I have completely lost my sense of humor over the McCain campaign. I can't take another corny joke about lipstick, moose, or barnyard animals. Instead of cracking wise, I'm obsessively trying to comprehend the mindset that wants a leader "just like me".
Looking back on Republicans I have known (not a large inventory, I'm afraid), I flashed on Clark, a former pharmaceutical client. Clark worked on a medication that helps critically ill premature babies. We were calling on Clark to discuss making an educational video using existing footage of doctors, nurses and preemie moms, all speaking from experience. I was arguing for using footage of a young Black mom with a particularly heartbreaking story. Clark didn't want to use the clip: he couldn't get past her accent and colloquialisms. He got so into making his case, he started imitating the young mother in a falsetto voice. "He don't have any letbacks?...Who talks like that?" It never occurred to Clark that he was offending the other people in the room, including an African American woman with an urban lilt of her own.
I thought about my friend Janine, a copywriter I used to work with when I lived in Cleveland. I can still see her bounding into my office to share an idea for a TV spot she was working on. “ There’s three old guys sitting on a park bench,” she began. "A black guy, a jewish guy and an American guy.” “Janine,” I pointed out, before she could go any further, “The black guy and the jewish guy are American too.”
I remembered Otto, a co-worker who had a little boy about the time I had my son. Otto brought his baby into work one day, and I was on the floor handing the kid Little Tykes figures to play with. When the baby showed no interest in the little brown plastic character I was waving at him, Otto jumped in with an explanation: “ He only wants to play with the WHITE dolls”. Otto thought this was hysterical. Almost as funny as the joke he liked to tell about the jew, the pizza and the oven.
We Democrats get excited about diversity precisely because we see and appreciate our common humanity. Sarah Palin Republicans are suspicious of people who are unlike them. This tends to make them a little clueless, like Janine, who got it when I called her on her language, or less empathetic, like Clark who couldn't relate to a young Black mother from the inner city, even though he had a child the same age as the one she lost. And then there are the nazi shits like Otto, who are probably beyond redemption. All of these folks want leaders who are "just like them", a regular guy or gal who can dumb it down to glib sound bites delivered with just a touch of flair and hometown charisma. The irony of this is that politicians of either party are not just like us. They are more driven, ambitious, eloquent, opportunistic and manipulative. That's how they get elected in the first place.

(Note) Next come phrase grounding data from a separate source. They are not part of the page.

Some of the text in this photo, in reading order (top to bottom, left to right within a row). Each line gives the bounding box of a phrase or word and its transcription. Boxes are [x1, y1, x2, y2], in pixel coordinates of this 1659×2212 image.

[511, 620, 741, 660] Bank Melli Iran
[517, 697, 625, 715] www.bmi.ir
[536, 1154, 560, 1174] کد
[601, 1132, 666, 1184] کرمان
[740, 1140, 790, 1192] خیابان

At the heart of this yearning for down home leadership lurks a disturbing tribalism. And in the global village, tribalism is devolution. We have huge economic, energy, security and environmental challenges ahead that we must face collectively and internationally. So what do the Palin drones list as their priority issues? Abortion and gay marriage. Behind all the ranting at "liberal elites" and "the liberal media" is fear and resentment of any thinking that might shake up their world view. The myth of Mr. Smith goes to Washington lives on. But Mr. Smith didn't have to contend with two wars, global warming, world terrorism, an unstable and scary economy, a belligerent Soviet Union, a mortgage crisis, a broken health care system, rising unemployment and, oh hell, I'm sure I'm leaving out something critical but you get the point.
So I keep pondering and trying to understand, and in the interest of equal time, I'd like to give my Republican fellow-citizens a few questions to ask themselves:
• Is putting an underqualified person a heartbeat away from the presidency really putting "country first"?

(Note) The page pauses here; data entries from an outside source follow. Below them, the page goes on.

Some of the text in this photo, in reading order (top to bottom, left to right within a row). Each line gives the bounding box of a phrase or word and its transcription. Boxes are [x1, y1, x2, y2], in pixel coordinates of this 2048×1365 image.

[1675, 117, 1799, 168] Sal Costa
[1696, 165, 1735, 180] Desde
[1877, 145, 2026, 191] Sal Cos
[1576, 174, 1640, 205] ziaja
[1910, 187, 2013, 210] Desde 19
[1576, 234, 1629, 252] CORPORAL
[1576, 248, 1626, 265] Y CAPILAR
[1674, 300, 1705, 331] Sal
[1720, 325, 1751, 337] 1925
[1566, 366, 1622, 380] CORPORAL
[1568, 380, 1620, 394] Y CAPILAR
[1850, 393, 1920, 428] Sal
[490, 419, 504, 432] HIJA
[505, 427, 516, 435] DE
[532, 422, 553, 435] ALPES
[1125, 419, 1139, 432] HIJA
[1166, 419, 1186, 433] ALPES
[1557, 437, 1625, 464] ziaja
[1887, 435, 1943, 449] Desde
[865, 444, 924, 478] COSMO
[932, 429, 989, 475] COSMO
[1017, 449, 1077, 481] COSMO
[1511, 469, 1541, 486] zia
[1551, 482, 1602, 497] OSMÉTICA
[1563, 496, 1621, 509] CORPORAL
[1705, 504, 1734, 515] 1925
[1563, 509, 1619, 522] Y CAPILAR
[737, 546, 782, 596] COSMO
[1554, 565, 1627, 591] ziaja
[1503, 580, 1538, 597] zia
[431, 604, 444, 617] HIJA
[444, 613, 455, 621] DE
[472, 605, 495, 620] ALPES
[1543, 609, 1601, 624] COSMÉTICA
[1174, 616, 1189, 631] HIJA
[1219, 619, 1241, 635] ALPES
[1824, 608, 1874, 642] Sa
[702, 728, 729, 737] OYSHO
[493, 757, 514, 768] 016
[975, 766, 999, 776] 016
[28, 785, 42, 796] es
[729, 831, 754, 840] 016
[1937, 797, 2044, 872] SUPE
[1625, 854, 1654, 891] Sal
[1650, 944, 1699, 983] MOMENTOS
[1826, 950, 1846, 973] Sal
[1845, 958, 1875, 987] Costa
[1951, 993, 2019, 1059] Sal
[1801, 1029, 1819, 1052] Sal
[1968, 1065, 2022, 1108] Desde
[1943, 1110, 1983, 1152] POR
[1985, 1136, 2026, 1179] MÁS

• Do you think Sarah Palin would EVER have gotten considered, based on her skimpy resume, if she were a man? If not, doesn't that make her a token? What kind of real advancement is that for womankind?
•How would having 5 kids, including a Down's syndrome baby, a six year old, a pregnant teen, a not-yet pregnant teen and a son shipping off to Iraq impact your current job performance?
• How can John McCain still be "a Washington outsider" after 26 years in the House and Senate? If he hasn't learned the ropes by now, what's that say about his learning curve?
• McCain followed the family tradition and went to the naval academy like his 4 star admiral father and grandfather. His wife is worth millions and they own nine homes, thirteen cars and a plane. How is he not part of an elite?
• Is it really more important for your president to fit in at your neighborhood potluck than on the world stage? Have you ever considered that McCain might actually be more comfortable having a beer with Joe Biden than with you?
• If you're okay with your doctor, lawyer or CPA being smarter and better educated than you, why hold your leaders to a lower standard?
• If your child got a scholarship to an Ivy League school, would you hang your head in shame that she's joined an elite? What if she went on to Harvard Law? Would that make her less qualified to be president than before?
• What if you, regular Joe or Jane, woke up in the White House tomorrow morning? Would you know what to do?